Sermaye yapısı zayıf iş aleminin; kontrol, hesap verebilirlik ve şeffaflık prensiplerinin yerli yerine oturmadığı kurumların elinden çıkan kamusal düzenlemelere bağımlılığı, iş insanlarını hükümet siyasetlerinin taşıyıcısı haline getirebiliyor.
Kayıt dışılığın yaygınlığı, kamu harcamalarının yüksekliği; kamusal düzenleyici ve denetleyici kurumları tek bir iradenin uygulayıcısı pozisyonuna getiriyor.
***
Baştaki soruya dönersem, Aras’ın konuşmasına yönelik tenkitlerin “milli irade” kümesinde ortaklaşması; Türkiye’nin Suriye’de üstlendiği faal konum, PKK’nın silah bırakması müzakerelerinin başlamasından bağımsız el alınamaz.
Sanat dünyasından medyaya, yerel yönetimler siyasi parti liderlerine uzanan gözaltılar ve tutuklamaların ortak paydası; AK Parti iktidarın önüne dikilen demokratikleşme ve iştirakçi önermeler içeren muhalefet cephesinin işçi-işveren-akademi-siyaset cephesiyle yan yana gelişler Halbuki ki Cumhurbaşkanlığı Hükümet Sisteminde formül belirli: Her koyun kendi bacağından asılır!

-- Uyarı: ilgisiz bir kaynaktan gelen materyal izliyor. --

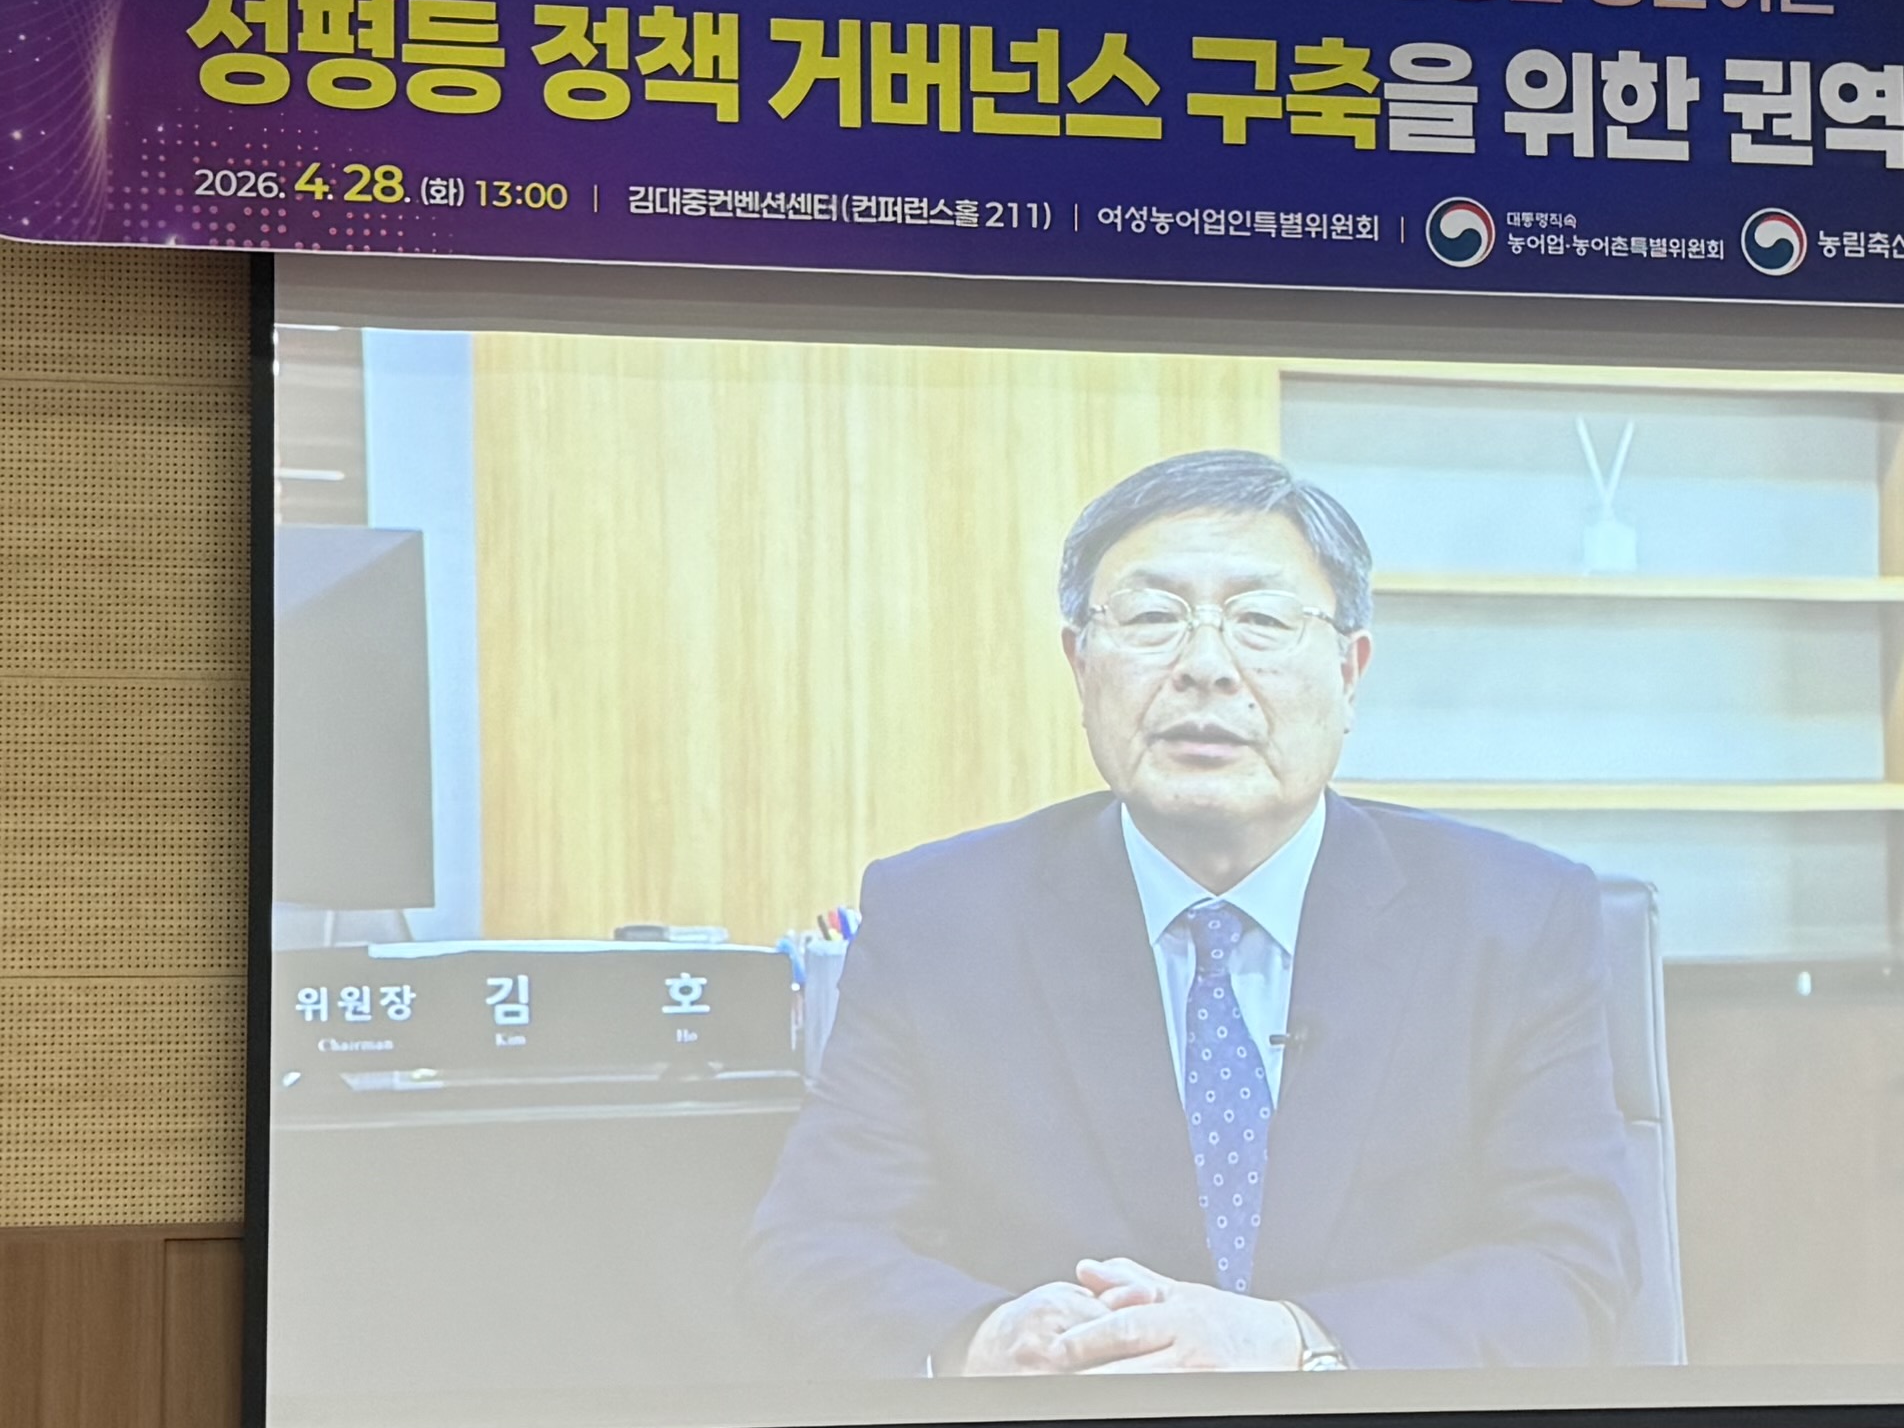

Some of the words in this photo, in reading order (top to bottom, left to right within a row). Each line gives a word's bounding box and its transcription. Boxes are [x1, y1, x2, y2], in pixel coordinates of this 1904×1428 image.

Bu formülü TÜSİAD etrafında de uygulayan çok sayıda işverenin varlığından örnekler verebiliriz.
***
Muhtemelen TÜSİAD Liderler Konseyi’nden önümüzdeki günlerde siyasete verilecek ileti “aynı gemideyiz” minvalinde olacaktır.
Uluslararası yatırımlardan orta gelir seviyesindeki ülkelerden Polonya yüzde 3, Brezilya yüzde 5 hisse alırken, Türkiye’nin hissesi binde 8.
Hazine ve Maliye Bakanı Mehmet Şimşek’in yabancı sermayeyi Türkiye’ye çekmek için dünyada 4 çeşit atmasını, Türkiye’nin memleketler arası direkt yatırımlardan 2028’de yüzde 1.5 hisse alma hedefinden bağımsız okuyamayız.
TÜSİAD Başkanı Turan, 2024 yılında 5 milyar dolara kadar düşen direkt yabancı sermaye yatırımlarından fazla yerleşik sermaye göçüne dikkat çekiyor. Bir bu kadar da Türkiye’den sermaye yatırımı çıkışı olmuş.
TÜSİAD Liderler Toplantısı’nın sermayenin aradığı; hukuk güvenliği, liyakat, yapısal ıslahat talepleri v.s gibisi tenkitlerden geri adım atmayacağını düşünüyorum.
Elbette terörle gayret eden kamu vazifelilerinin dokunulmazlığını ve PKK ile pazarlıksız periyodun “bayrak kardeşliğini” hatırlatanlar da olur.